ASSIGNED TASK: Write out exactly the lines running from the line that includes "this 1256×1820 image." to the end of the data, both ends included, and nothing besides.

AVAILABLE RECORDS:
⁂

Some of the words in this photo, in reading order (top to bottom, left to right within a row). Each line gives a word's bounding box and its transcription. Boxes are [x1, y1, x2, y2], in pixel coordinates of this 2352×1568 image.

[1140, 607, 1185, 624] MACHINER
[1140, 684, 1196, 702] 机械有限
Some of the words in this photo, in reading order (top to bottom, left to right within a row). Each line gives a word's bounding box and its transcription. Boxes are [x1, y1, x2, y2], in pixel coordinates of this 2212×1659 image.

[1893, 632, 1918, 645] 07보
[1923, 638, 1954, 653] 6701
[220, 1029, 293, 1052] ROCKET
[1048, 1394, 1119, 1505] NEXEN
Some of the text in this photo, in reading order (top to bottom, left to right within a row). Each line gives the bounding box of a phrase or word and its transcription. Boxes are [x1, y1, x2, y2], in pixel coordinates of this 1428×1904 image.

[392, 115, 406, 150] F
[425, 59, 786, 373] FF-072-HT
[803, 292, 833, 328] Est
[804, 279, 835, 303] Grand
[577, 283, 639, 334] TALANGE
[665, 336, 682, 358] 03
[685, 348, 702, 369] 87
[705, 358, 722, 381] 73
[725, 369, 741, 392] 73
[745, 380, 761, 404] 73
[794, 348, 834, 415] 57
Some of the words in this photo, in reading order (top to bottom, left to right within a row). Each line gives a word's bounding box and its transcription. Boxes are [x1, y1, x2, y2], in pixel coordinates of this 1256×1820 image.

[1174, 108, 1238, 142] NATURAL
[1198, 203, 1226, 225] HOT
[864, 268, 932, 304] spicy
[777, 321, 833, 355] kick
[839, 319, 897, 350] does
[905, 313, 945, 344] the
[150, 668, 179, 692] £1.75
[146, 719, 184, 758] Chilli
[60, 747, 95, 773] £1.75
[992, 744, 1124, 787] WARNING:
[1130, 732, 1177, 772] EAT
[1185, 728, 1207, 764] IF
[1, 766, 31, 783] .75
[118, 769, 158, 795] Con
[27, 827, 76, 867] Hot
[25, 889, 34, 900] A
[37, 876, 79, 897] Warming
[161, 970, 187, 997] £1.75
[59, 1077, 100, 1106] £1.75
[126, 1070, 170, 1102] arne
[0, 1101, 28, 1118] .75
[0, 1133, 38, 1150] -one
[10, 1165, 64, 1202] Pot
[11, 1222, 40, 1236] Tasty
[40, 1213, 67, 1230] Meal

⁂

RESPONSE:
Some of the words in this photo, in reading order (top to bottom, left to right within a row). Each line gives a word's bounding box and its transcription. Boxes are [x1, y1, x2, y2], in pixel coordinates of this 1256×1820 image.

[1174, 108, 1238, 142] NATURAL
[1198, 203, 1226, 225] HOT
[864, 268, 932, 304] spicy
[777, 321, 833, 355] kick
[839, 319, 897, 350] does
[905, 313, 945, 344] the
[150, 668, 179, 692] £1.75
[146, 719, 184, 758] Chilli
[60, 747, 95, 773] £1.75
[992, 744, 1124, 787] WARNING:
[1130, 732, 1177, 772] EAT
[1185, 728, 1207, 764] IF
[1, 766, 31, 783] .75
[118, 769, 158, 795] Con
[27, 827, 76, 867] Hot
[25, 889, 34, 900] A
[37, 876, 79, 897] Warming
[161, 970, 187, 997] £1.75
[59, 1077, 100, 1106] £1.75
[126, 1070, 170, 1102] arne
[0, 1101, 28, 1118] .75
[0, 1133, 38, 1150] -one
[10, 1165, 64, 1202] Pot
[11, 1222, 40, 1236] Tasty
[40, 1213, 67, 1230] Meal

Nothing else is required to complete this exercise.